## The problem
If a line below contains "ENERGY", count it. Report the final total and nothing more.

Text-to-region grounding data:
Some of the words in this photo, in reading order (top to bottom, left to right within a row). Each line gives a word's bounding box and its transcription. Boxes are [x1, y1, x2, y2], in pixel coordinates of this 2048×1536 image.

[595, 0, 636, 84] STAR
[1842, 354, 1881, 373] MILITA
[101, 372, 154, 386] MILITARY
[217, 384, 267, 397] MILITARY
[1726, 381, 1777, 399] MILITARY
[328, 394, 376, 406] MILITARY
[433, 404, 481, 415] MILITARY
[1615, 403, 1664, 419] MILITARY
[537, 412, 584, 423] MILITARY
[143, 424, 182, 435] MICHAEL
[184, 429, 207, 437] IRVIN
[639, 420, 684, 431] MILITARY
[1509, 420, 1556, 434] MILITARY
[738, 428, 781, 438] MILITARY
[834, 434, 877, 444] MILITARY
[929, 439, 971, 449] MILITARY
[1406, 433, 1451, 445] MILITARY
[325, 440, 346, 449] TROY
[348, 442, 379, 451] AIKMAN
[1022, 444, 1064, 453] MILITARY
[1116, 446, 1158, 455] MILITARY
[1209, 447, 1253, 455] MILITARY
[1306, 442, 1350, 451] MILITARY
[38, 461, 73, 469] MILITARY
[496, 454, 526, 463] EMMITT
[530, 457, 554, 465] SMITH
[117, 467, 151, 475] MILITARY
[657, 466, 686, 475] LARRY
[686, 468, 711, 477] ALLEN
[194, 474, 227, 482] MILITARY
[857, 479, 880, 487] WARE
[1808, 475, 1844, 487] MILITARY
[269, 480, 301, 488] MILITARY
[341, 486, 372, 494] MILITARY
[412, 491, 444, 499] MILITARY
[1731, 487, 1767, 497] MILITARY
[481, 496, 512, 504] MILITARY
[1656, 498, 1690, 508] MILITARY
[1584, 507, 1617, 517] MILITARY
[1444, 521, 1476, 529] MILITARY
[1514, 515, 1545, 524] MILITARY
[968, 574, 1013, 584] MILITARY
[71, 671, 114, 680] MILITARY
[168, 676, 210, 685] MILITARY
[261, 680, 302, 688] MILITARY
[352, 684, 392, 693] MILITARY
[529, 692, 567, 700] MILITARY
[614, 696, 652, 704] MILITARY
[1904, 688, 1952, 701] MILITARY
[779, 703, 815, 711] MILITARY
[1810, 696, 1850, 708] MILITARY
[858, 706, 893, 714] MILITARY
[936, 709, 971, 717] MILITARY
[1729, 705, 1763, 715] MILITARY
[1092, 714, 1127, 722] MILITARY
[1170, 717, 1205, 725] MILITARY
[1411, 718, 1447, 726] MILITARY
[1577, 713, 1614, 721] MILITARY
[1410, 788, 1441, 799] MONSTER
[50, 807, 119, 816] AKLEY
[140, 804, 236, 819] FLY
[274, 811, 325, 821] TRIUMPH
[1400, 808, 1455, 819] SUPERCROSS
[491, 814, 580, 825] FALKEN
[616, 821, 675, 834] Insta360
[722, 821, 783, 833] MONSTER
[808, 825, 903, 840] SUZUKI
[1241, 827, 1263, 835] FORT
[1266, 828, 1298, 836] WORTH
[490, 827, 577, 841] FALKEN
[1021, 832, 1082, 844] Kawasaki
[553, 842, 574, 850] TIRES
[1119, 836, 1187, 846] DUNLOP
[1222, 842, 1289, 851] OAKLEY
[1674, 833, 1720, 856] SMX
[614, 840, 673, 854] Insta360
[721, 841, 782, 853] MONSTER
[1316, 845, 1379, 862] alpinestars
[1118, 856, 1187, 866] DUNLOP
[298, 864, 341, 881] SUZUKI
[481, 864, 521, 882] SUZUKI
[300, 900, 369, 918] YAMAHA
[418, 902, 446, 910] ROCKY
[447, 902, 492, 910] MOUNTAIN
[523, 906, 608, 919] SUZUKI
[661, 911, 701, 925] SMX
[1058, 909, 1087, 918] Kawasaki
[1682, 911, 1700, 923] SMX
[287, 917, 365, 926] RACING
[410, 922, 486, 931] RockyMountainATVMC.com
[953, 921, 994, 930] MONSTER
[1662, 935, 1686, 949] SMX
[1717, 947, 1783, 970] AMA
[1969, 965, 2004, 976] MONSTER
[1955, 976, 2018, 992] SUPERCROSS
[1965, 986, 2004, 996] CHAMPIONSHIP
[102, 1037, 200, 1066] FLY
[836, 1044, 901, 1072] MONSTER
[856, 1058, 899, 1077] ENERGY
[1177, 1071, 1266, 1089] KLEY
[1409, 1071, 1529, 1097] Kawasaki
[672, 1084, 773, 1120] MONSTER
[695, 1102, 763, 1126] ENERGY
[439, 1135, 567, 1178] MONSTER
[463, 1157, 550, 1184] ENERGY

## Reply
3